Write every line below out again, exactly as given, but leave out the pictures.

========================

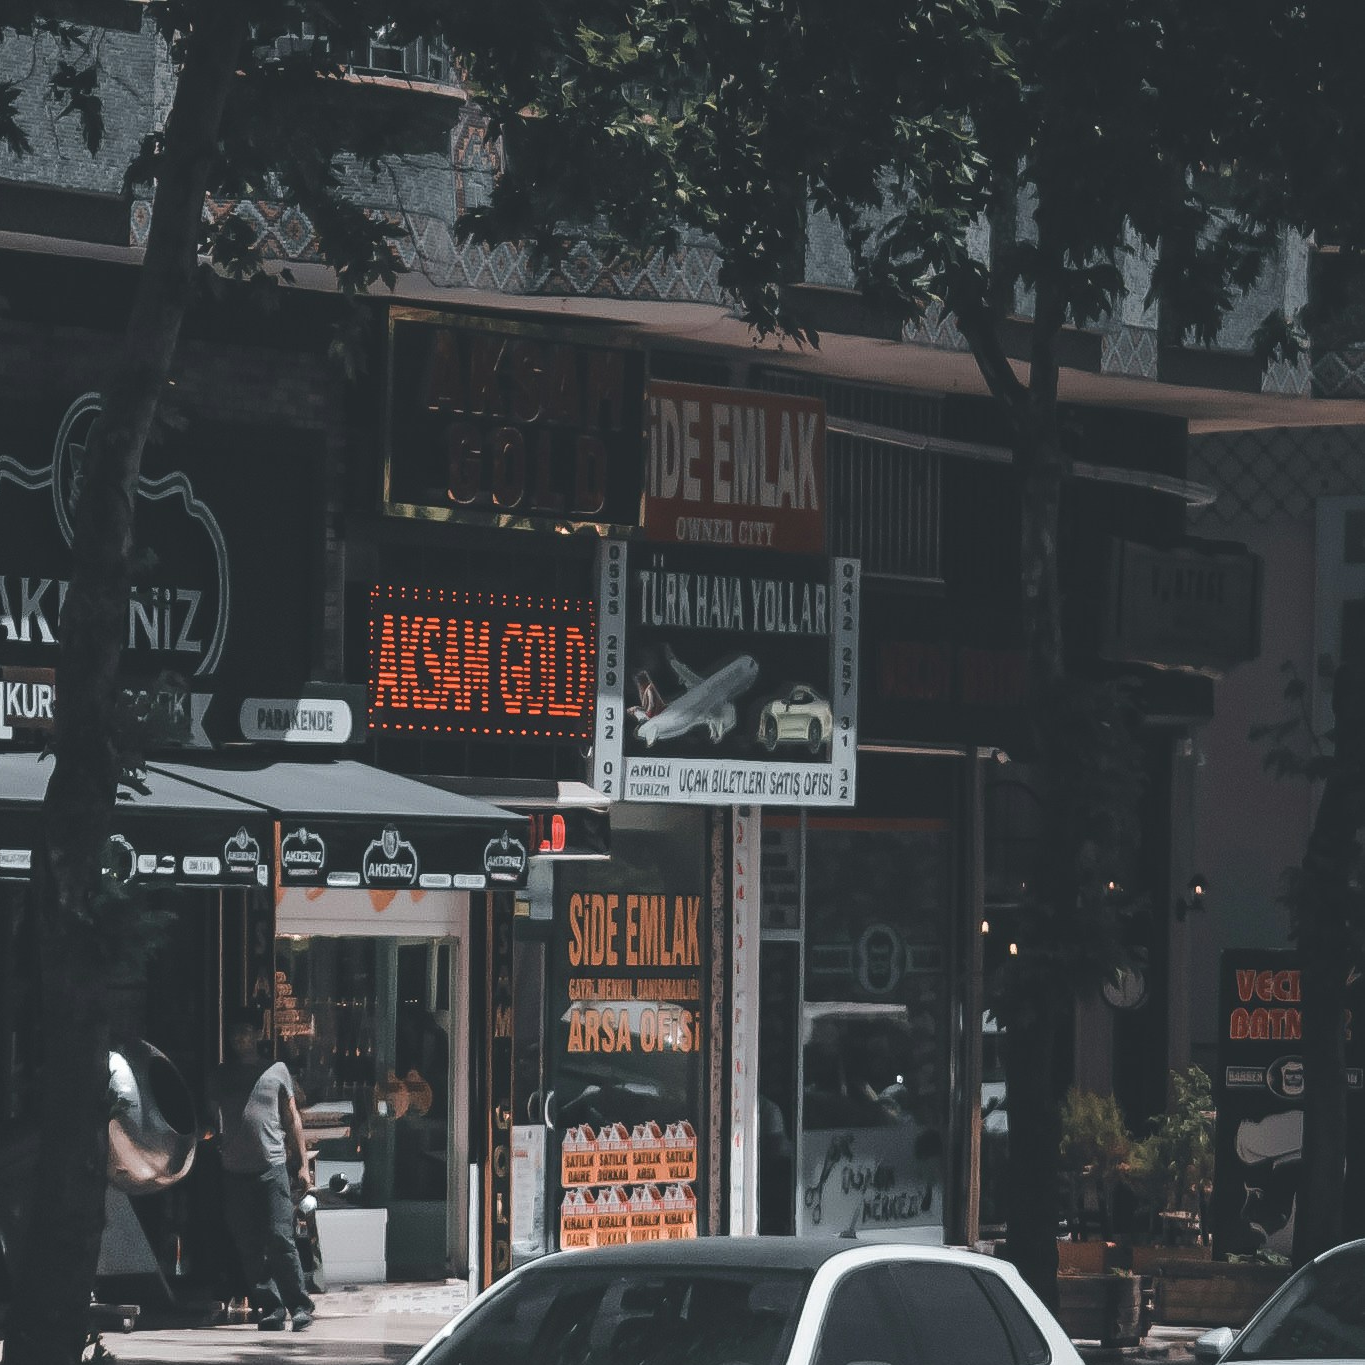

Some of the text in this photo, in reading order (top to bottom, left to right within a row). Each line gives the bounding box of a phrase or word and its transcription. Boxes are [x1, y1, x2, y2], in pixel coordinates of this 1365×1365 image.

[444, 422, 608, 514] GOLD
[649, 396, 819, 510] İDE EMLAK
[675, 516, 775, 546] OWNER CITY
[638, 553, 692, 627] TÜRK
[696, 574, 745, 631] HAVA
[499, 622, 587, 717] GOLD
[257, 707, 333, 731] PARAKENDE
[604, 707, 615, 740] 32
[602, 761, 614, 793] 02
[625, 893, 701, 967] EMLAK
[567, 1008, 633, 1053] ARSA
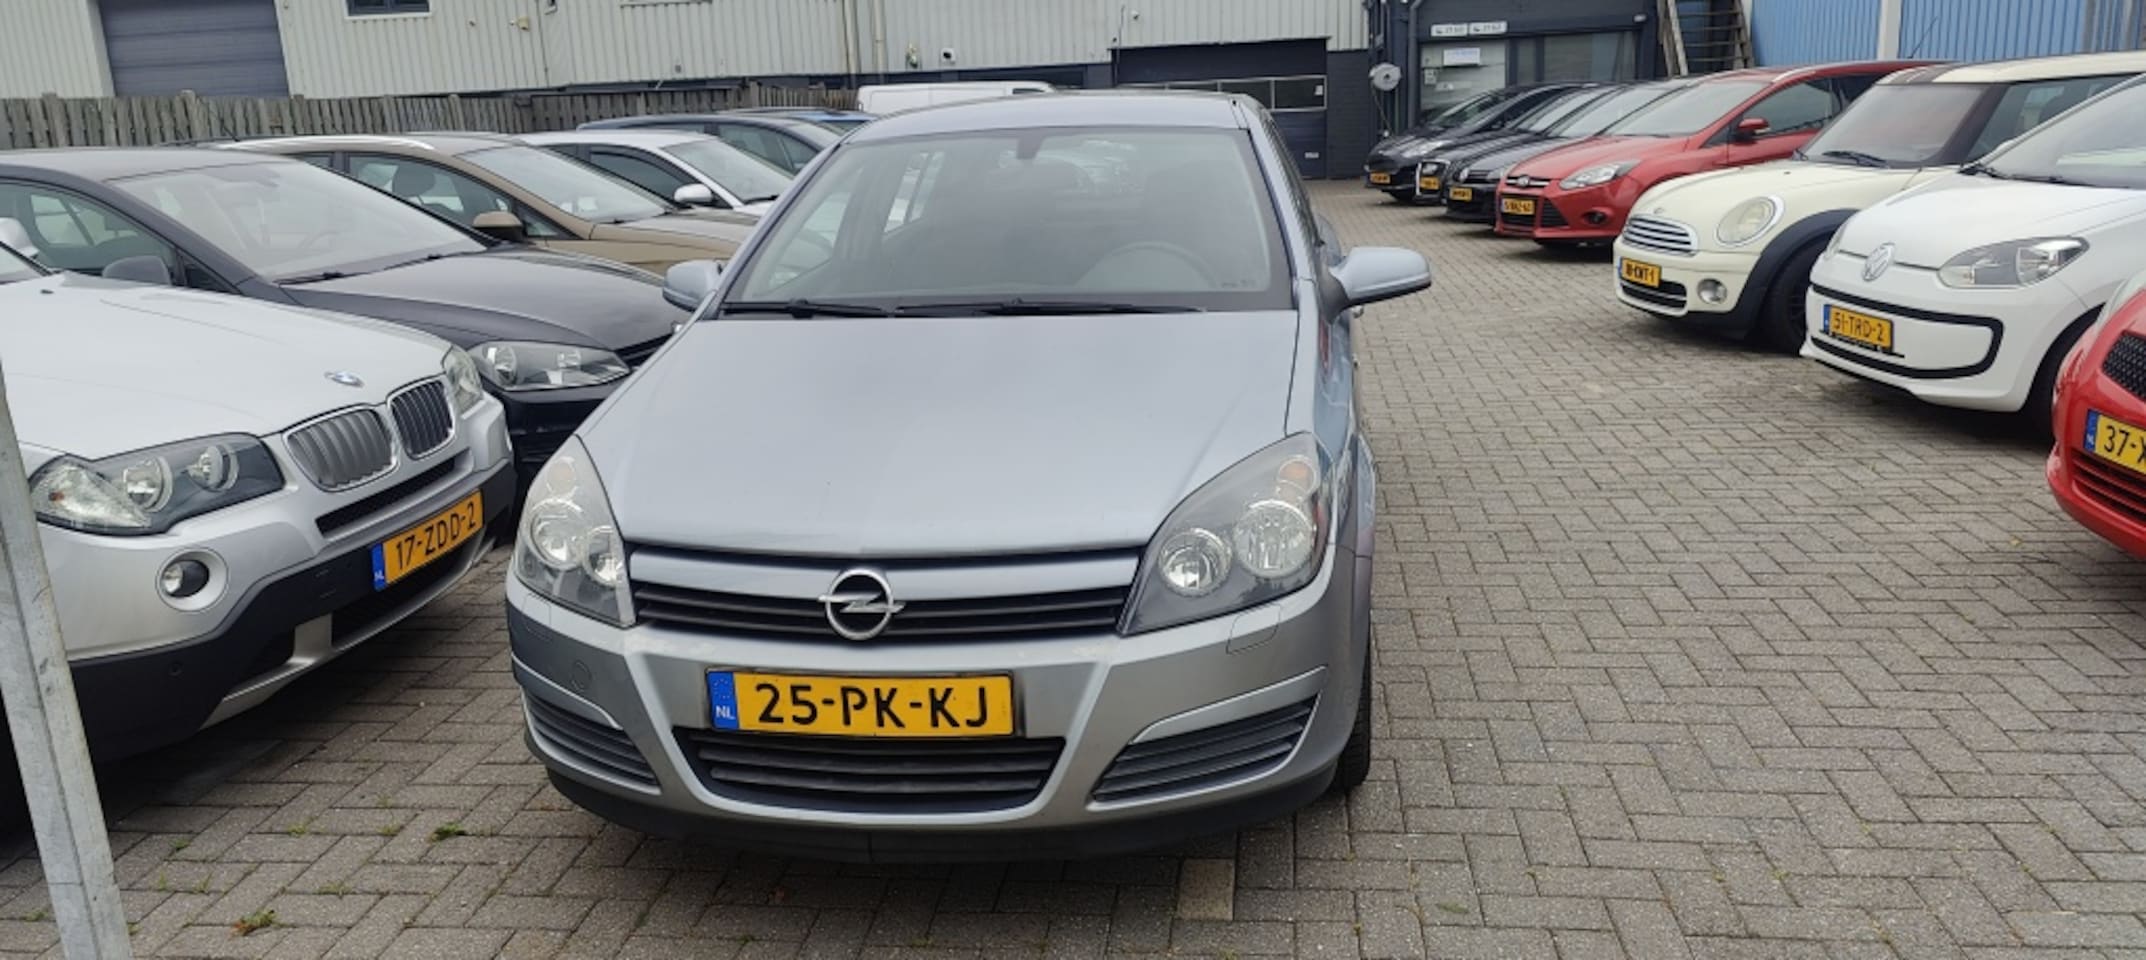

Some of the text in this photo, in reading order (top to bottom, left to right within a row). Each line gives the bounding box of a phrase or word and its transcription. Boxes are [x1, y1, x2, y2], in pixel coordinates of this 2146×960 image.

[1833, 312, 1885, 342] 51-TRD-2
[396, 501, 476, 570] 17-ZDD-2
[715, 683, 988, 728] NL 25-PK-KJ
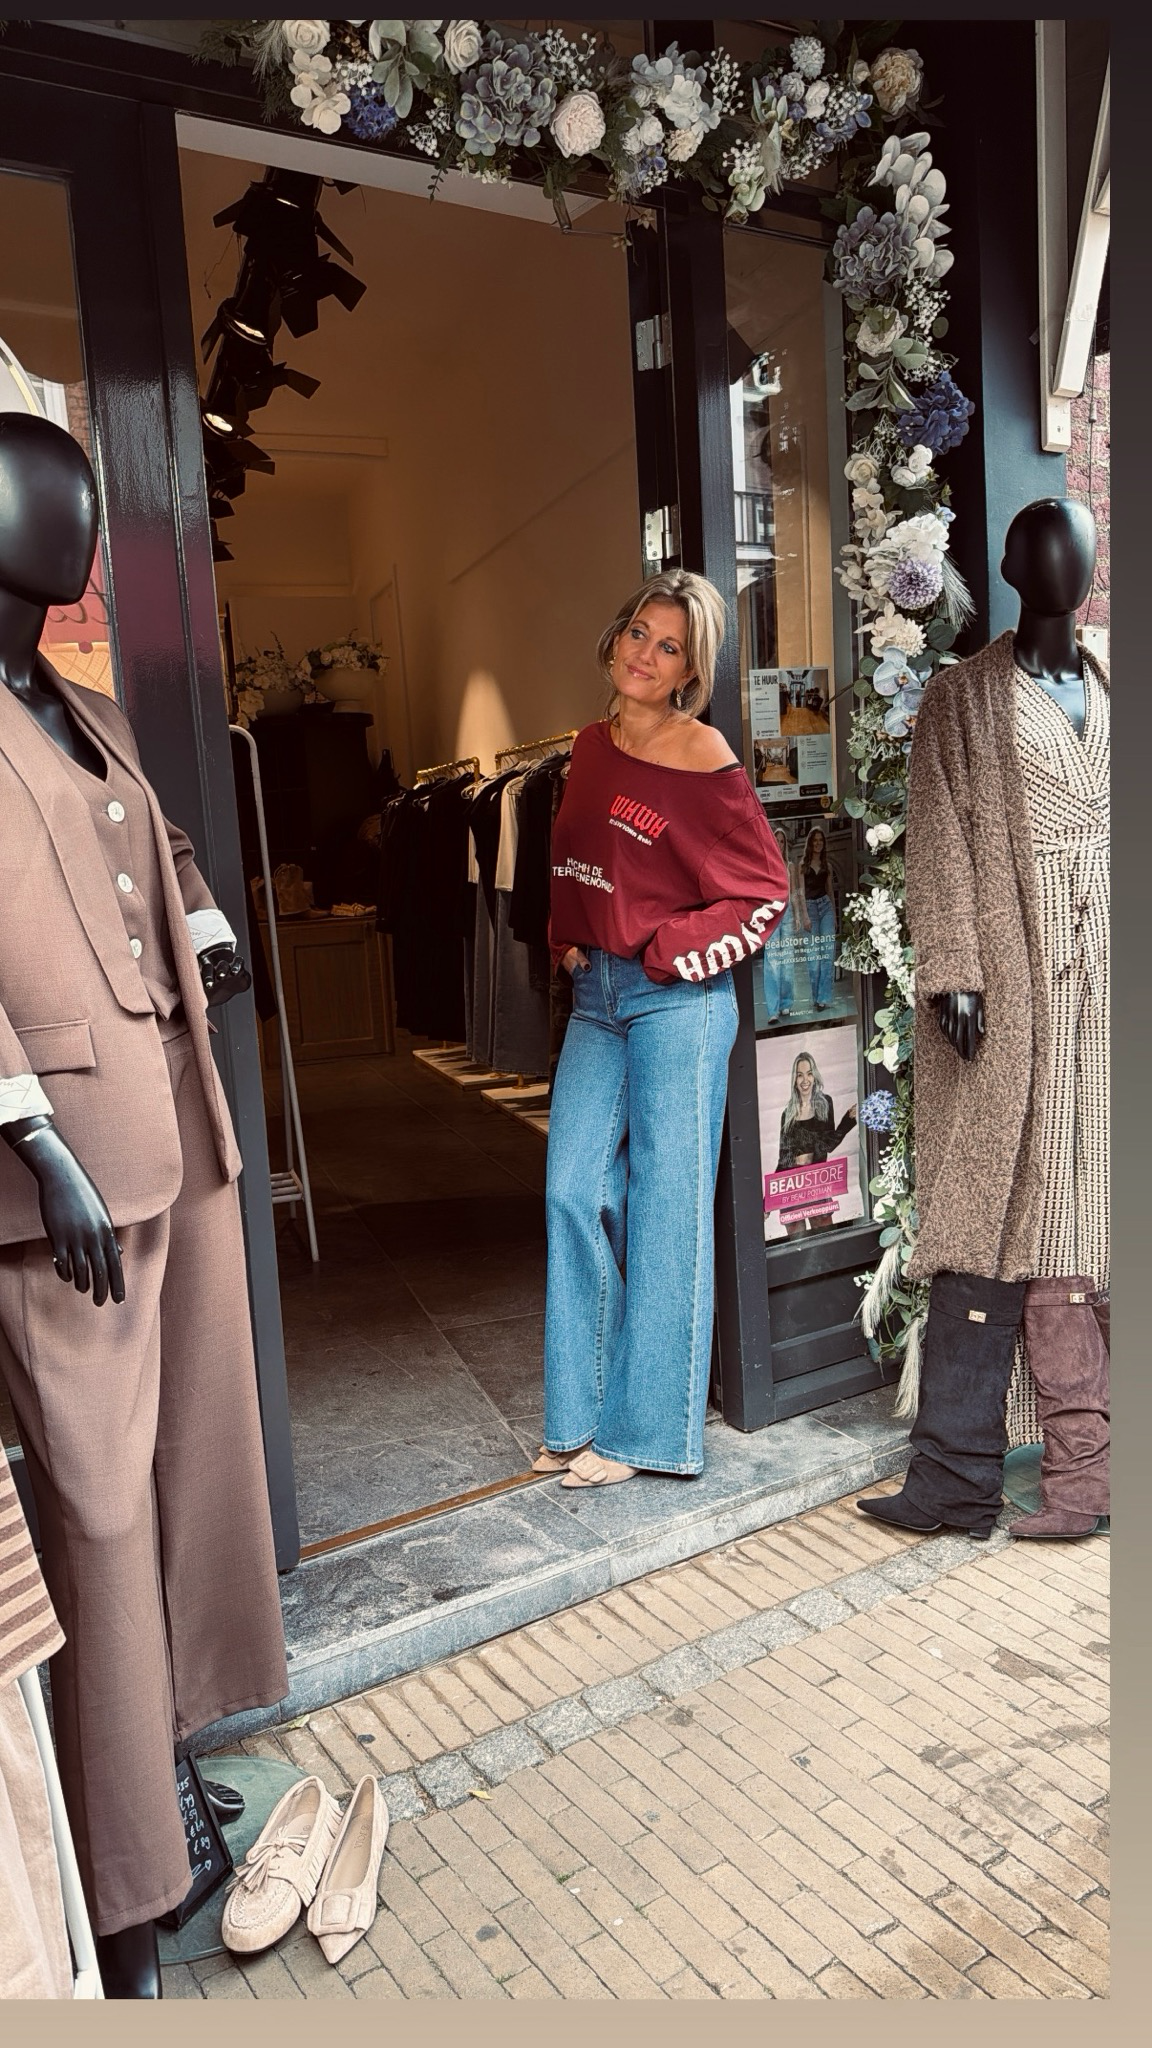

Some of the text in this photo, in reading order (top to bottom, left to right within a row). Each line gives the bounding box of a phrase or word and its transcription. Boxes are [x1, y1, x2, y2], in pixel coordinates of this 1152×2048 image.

[754, 674, 778, 686] TE HUUR
[764, 934, 836, 950] BeauStore Jeans
[769, 1165, 843, 1195] BEAUSTORE
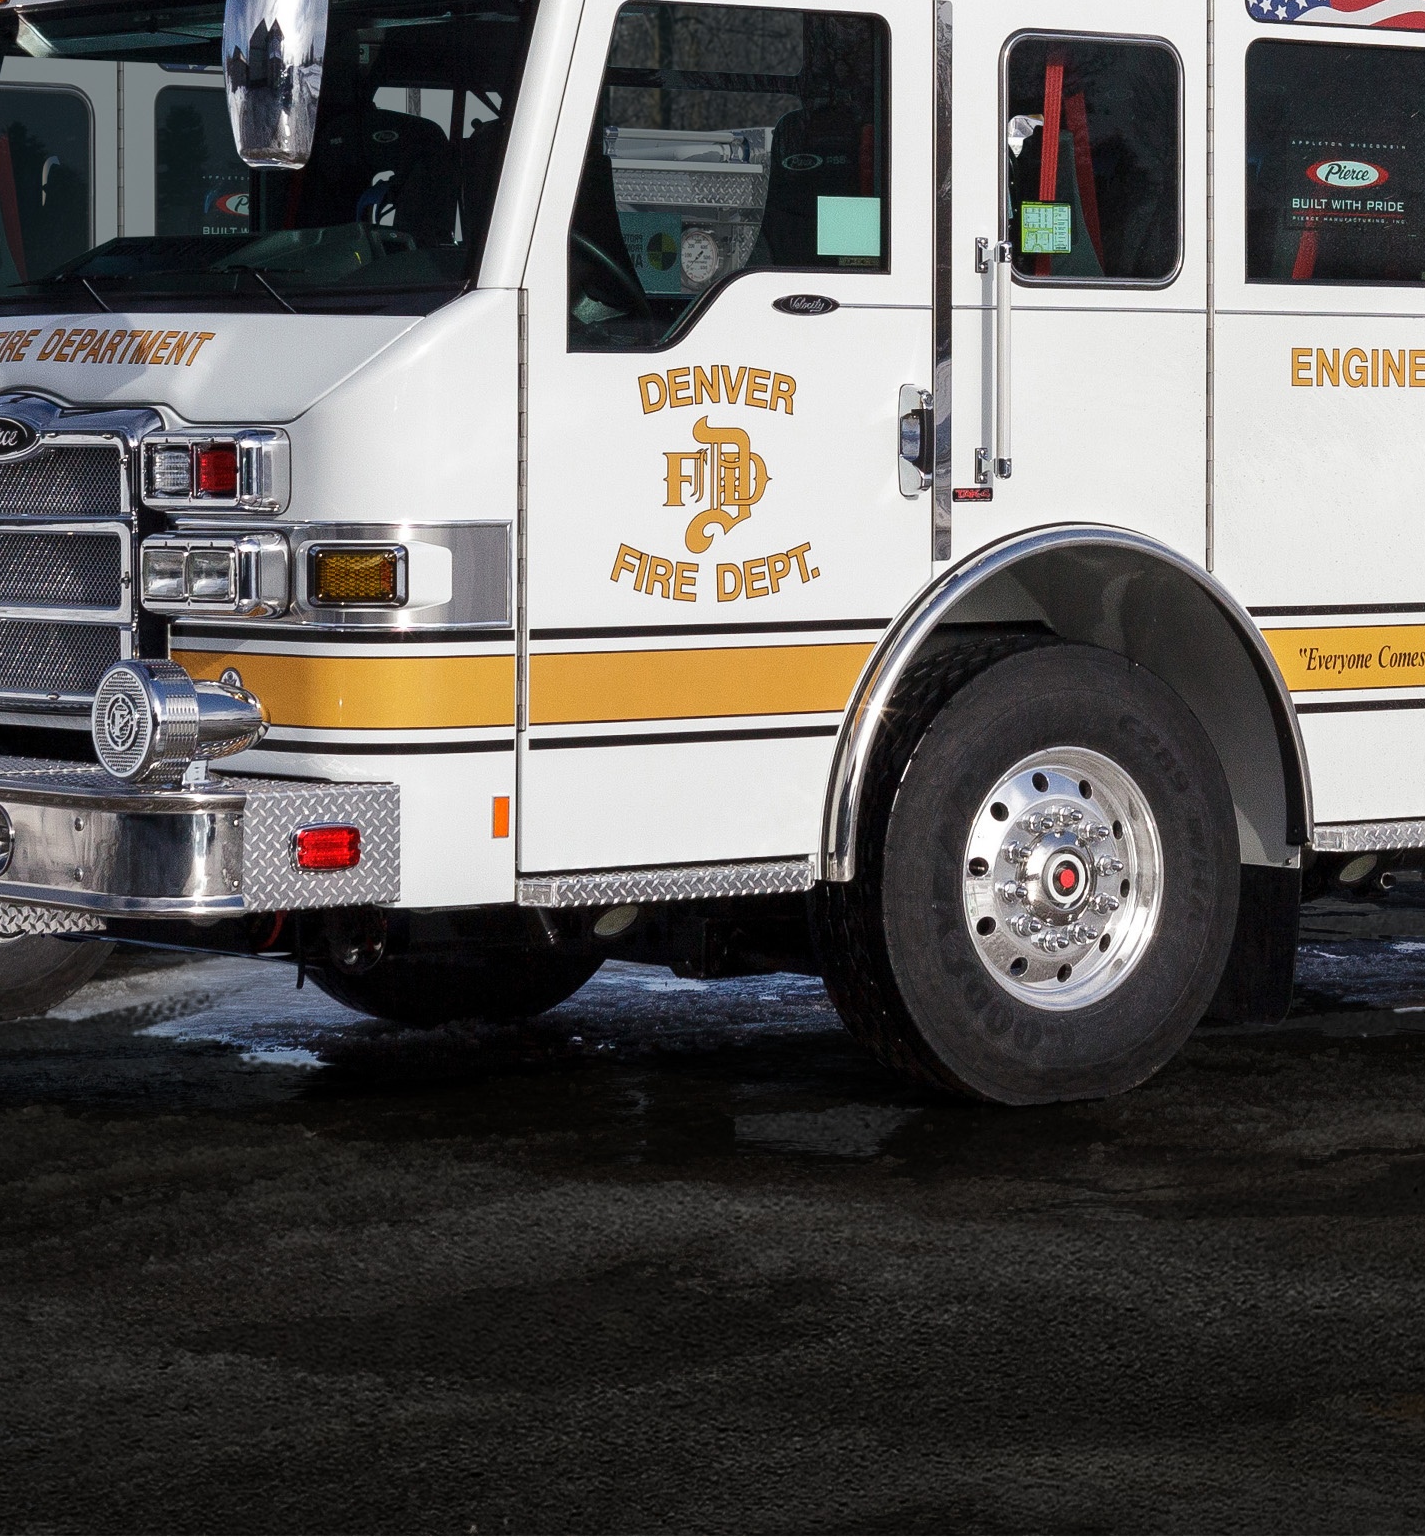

========================

ANSWER TO THIS TASK →
Some of the text in this photo, in reading order (top to bottom, left to right within a row). Each line gives the bounding box of a phrase or word and its transcription. Boxes are [x1, y1, x2, y2], in pixel coordinates of this 1365×1365 image.

[444, 422, 608, 514] GOLD
[649, 396, 819, 510] İDE EMLAK
[675, 516, 775, 546] OWNER CITY
[638, 553, 692, 627] TÜRK
[696, 574, 745, 631] HAVA
[499, 622, 587, 717] GOLD
[257, 707, 333, 731] PARAKENDE
[604, 707, 615, 740] 32
[602, 761, 614, 793] 02
[625, 893, 701, 967] EMLAK
[567, 1008, 633, 1053] ARSA

Some of the text in this photo, in reading order (top to bottom, left to right within a row). Each line gives the bounding box of a phrase or word and its transcription. Boxes are [x1, y1, x2, y2], in pixel coordinates of this 2146×960 image.

[1833, 312, 1885, 342] 51-TRD-2
[396, 501, 476, 570] 17-ZDD-2
[715, 683, 988, 728] NL 25-PK-KJ

Some of the text in this photo, in reading order (top to bottom, left to right within a row). Each line gives the bounding box of a phrase or word and its transcription. Boxes are [x1, y1, x2, y2], in pixel coordinates of this 1152×2048 image.

[754, 674, 778, 686] TE HUUR
[764, 934, 836, 950] BeauStore Jeans
[769, 1165, 843, 1195] BEAUSTORE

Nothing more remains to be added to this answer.